So, how did he do in his first campaign appearance? Alvin Greene probably did better than most people thought he would. He didn’t make any major errors, didn’t use profanity and did not show pornography to the audience. He stayed on-topic (for the most part), focusing on his three major themes of jobs, education and justice. He talked about the fact that the country lost 125,000 jobs just last month.

Greene wants to focus on infrastructure projects, such as building roads, which he says the state needs to put South Carolinians back to work. Education would also be a priority if Greene is elected. He pointed out that South Carolina was 49th in high school drop-out rates and standardized test scores.
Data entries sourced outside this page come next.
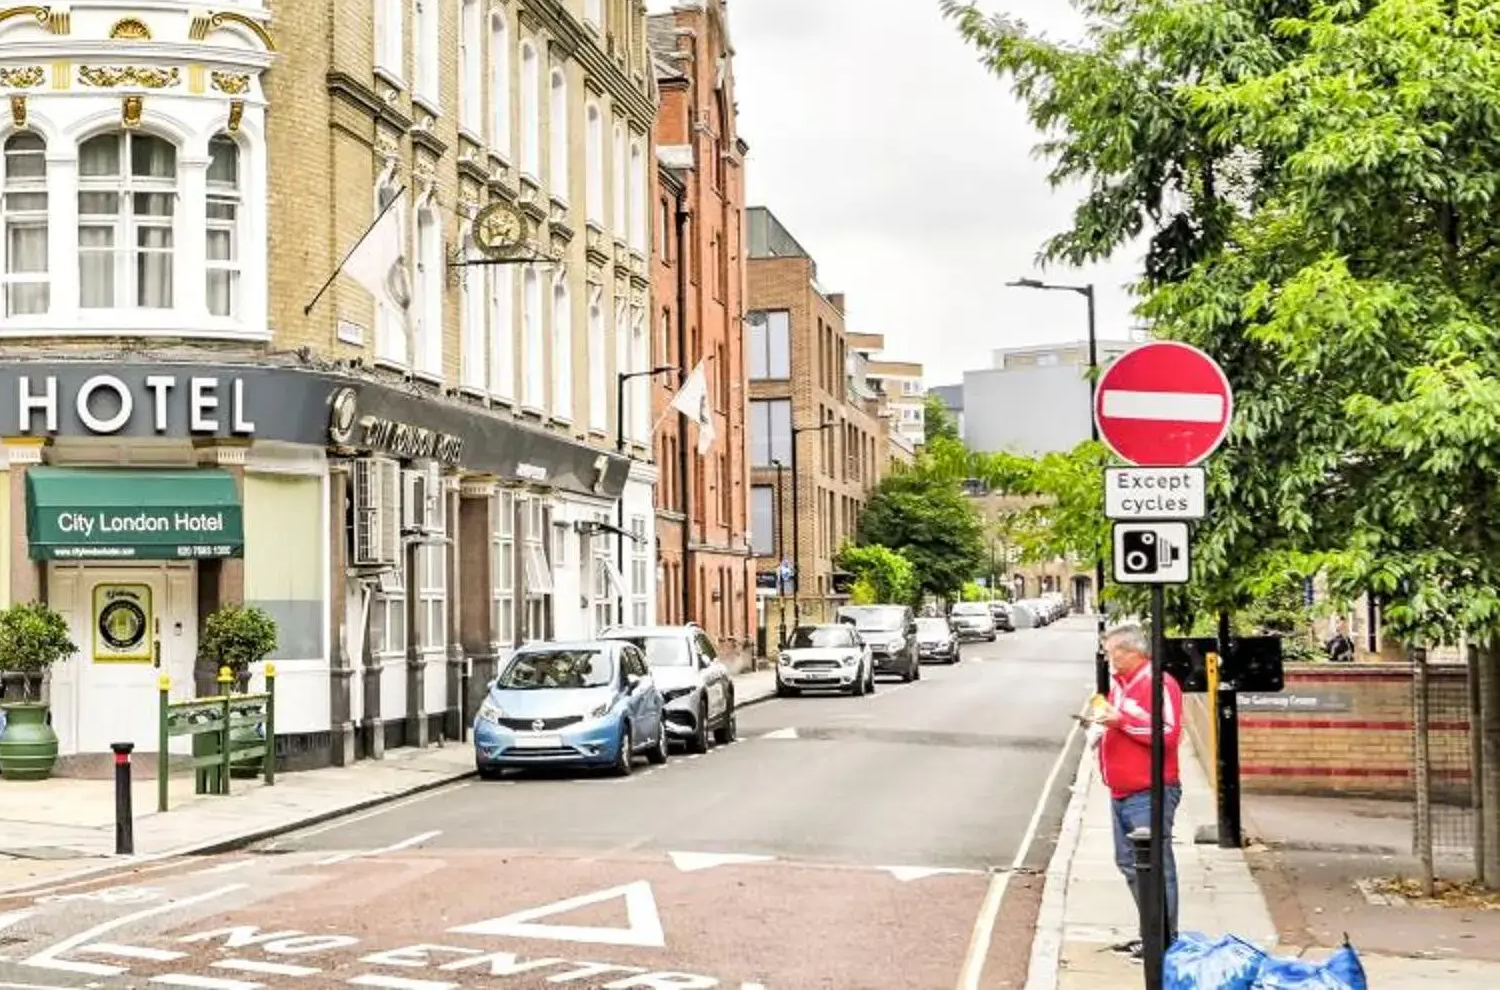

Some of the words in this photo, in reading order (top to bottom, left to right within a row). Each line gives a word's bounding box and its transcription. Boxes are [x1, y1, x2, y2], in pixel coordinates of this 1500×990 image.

[19, 374, 255, 433] HOTEL
[391, 423, 436, 456] LONDON
[1118, 473, 1191, 490] Except
[1122, 494, 1188, 514] cycles
[57, 513, 94, 536] City
[100, 513, 169, 532] London
[175, 513, 222, 532] Hotel
[179, 925, 359, 955] NO
[357, 943, 766, 990] ENTR
Greene challenged parents of under-performing children to be more involved in their education. So far, so good.

Next, Greene hit the criminal justice system. This is when it got a little weird.
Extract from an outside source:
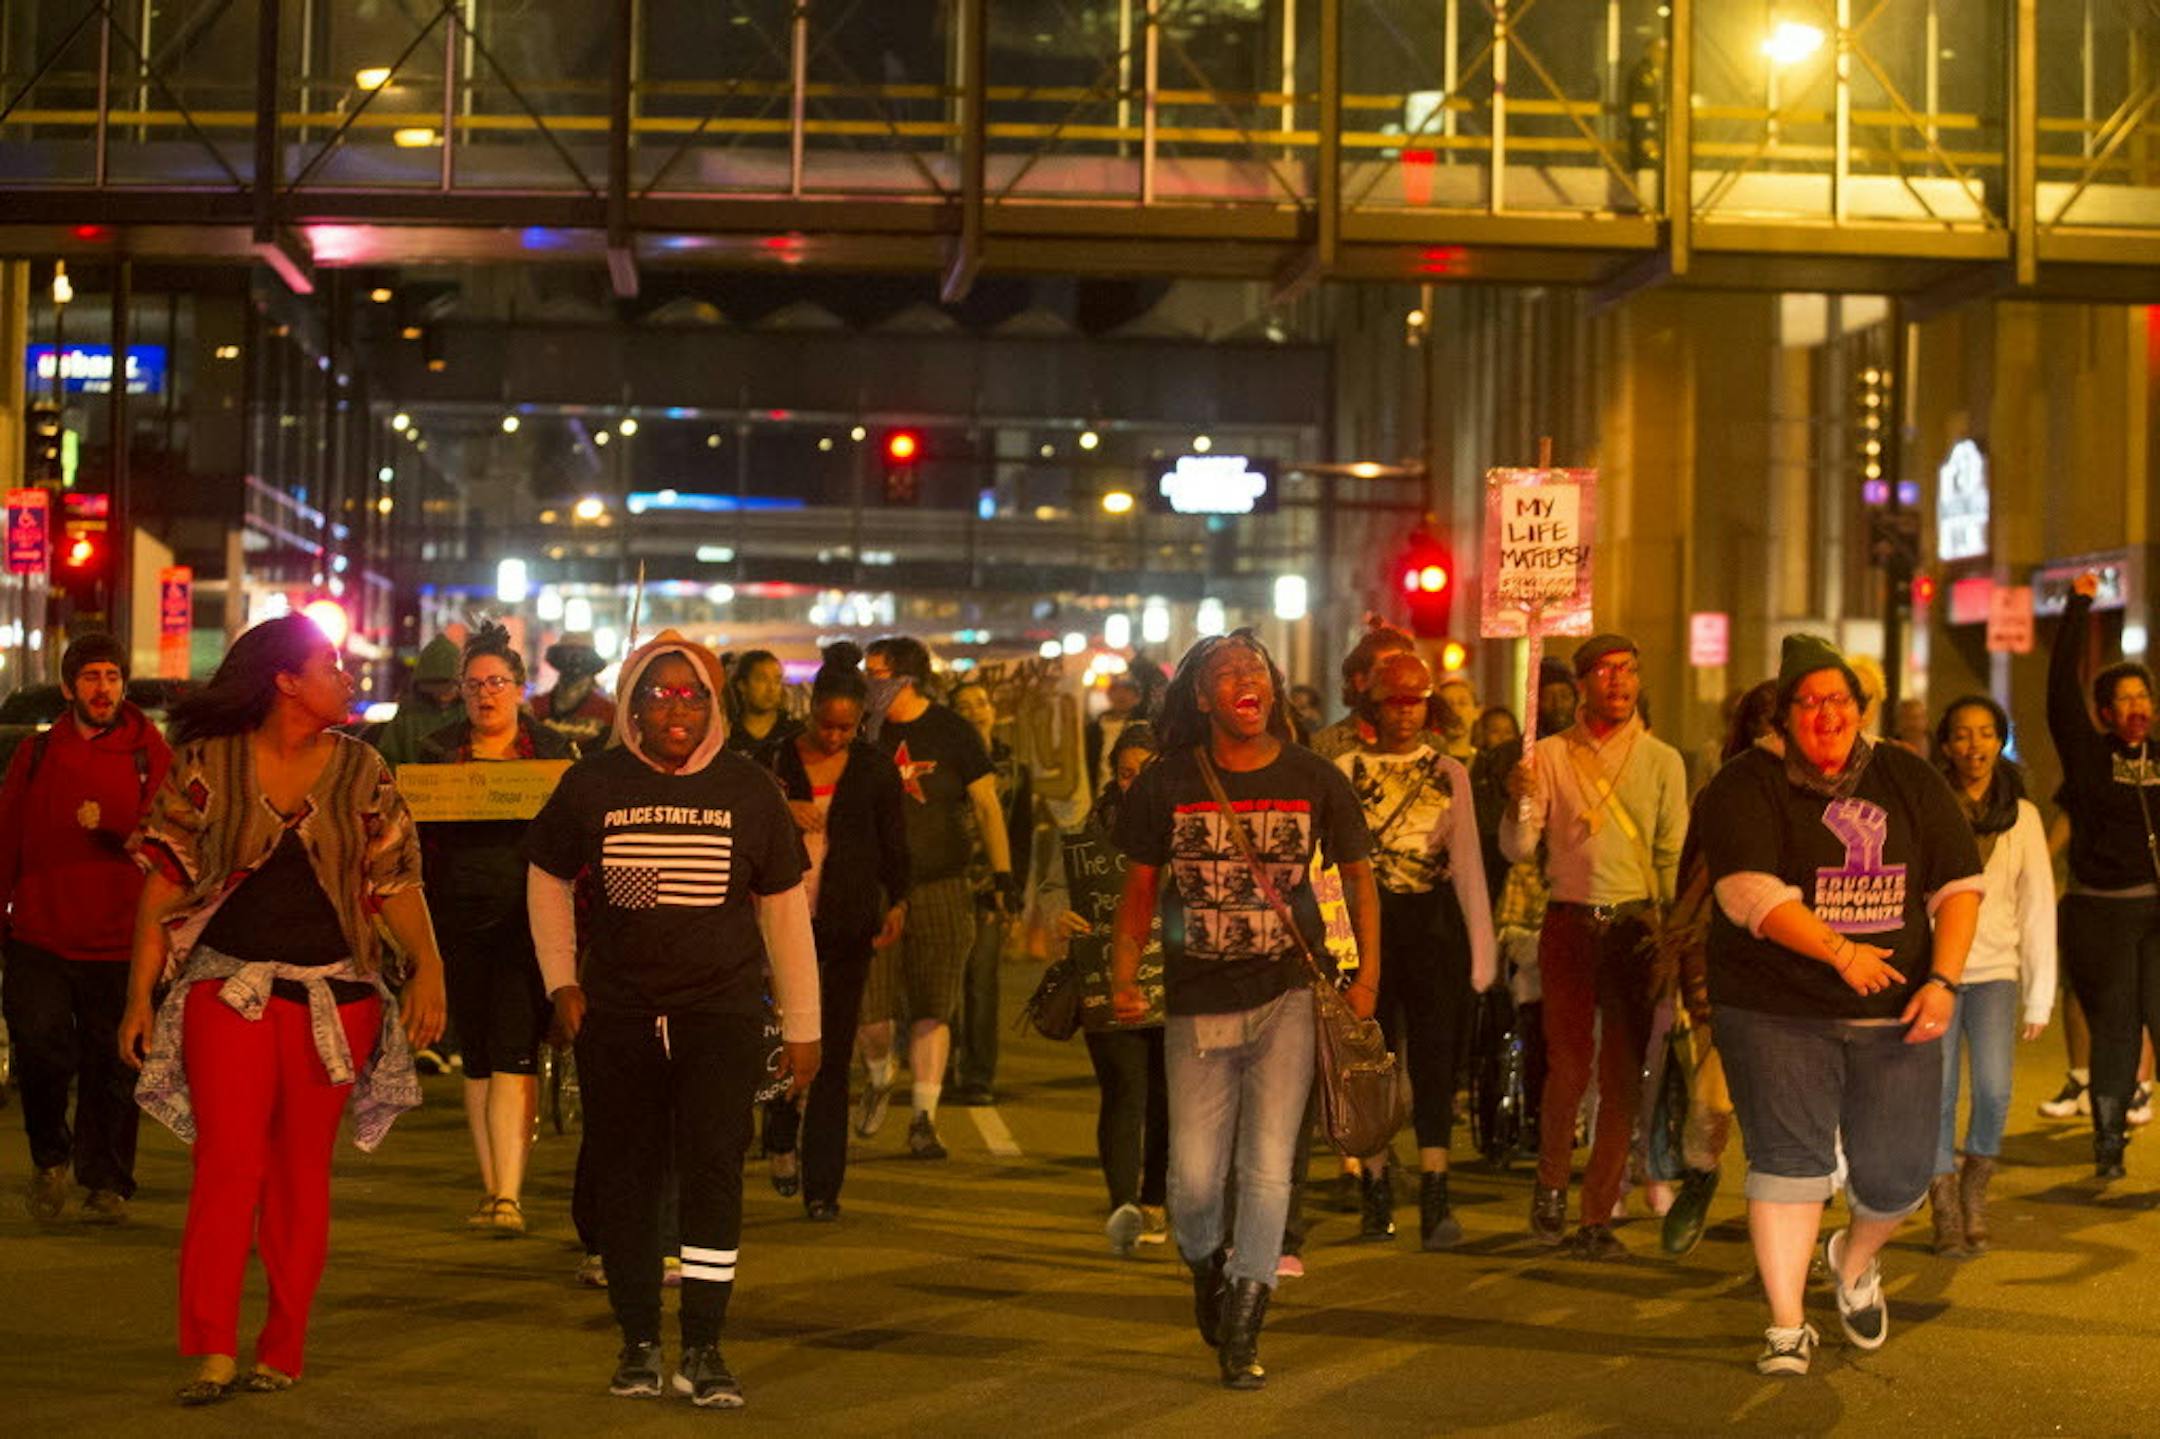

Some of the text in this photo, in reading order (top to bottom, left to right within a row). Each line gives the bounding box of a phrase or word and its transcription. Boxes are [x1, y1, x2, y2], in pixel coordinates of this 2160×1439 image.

Greene declared, “We need justice in the justice system. South Carolina spends twice as much on inmates than on students.” OK, we’re with you…. He talks about how first-time offenders should be offered alternatives to jail through programs like pre-trial intervention. So far so good. Then he starts to go off the rails.

He tells some bizarre story about “a guy” who got tangled up in the criminal justice system – we all know that when someone talks about “a guy” or “friend” he or she is probably talking about him or herself.

Anyway, this “guy” got in trouble, and although he qualified for pre-trial intervention, he was denied and the trial was delayed.

“But,” he says, suddenly looking off-kilter, as if he forgot where he was for a moment, “Moving on….”

You could almost hear the crowd’s collective “WTF?”

All in all, it wasn’t the utter and complete disaster we all have come to expect when Greene opens his mouth. He nervously read his notes from a black spiral notebook, wiped his brow and did his best to sound authoritative. Senatorial even.

He made a little quip in the beginning about being a perfect candidate for the NAACP Image Awards, although I have a sneaky suspicion that he didn’t write that joke and didn’t seem to know what it meant. Frankly, it didn’t sound like he wrote any of it.

It sounded like a bunch of policy positions that had been cut and pasted from different websites the night before. Unfortunately, the only part that sounded genuine was that creepy part about his “friend.” The 6 – 12 minute elocutionary extravaganza ended with Greene timidly waving, looking unsure of what he was supposed to do next.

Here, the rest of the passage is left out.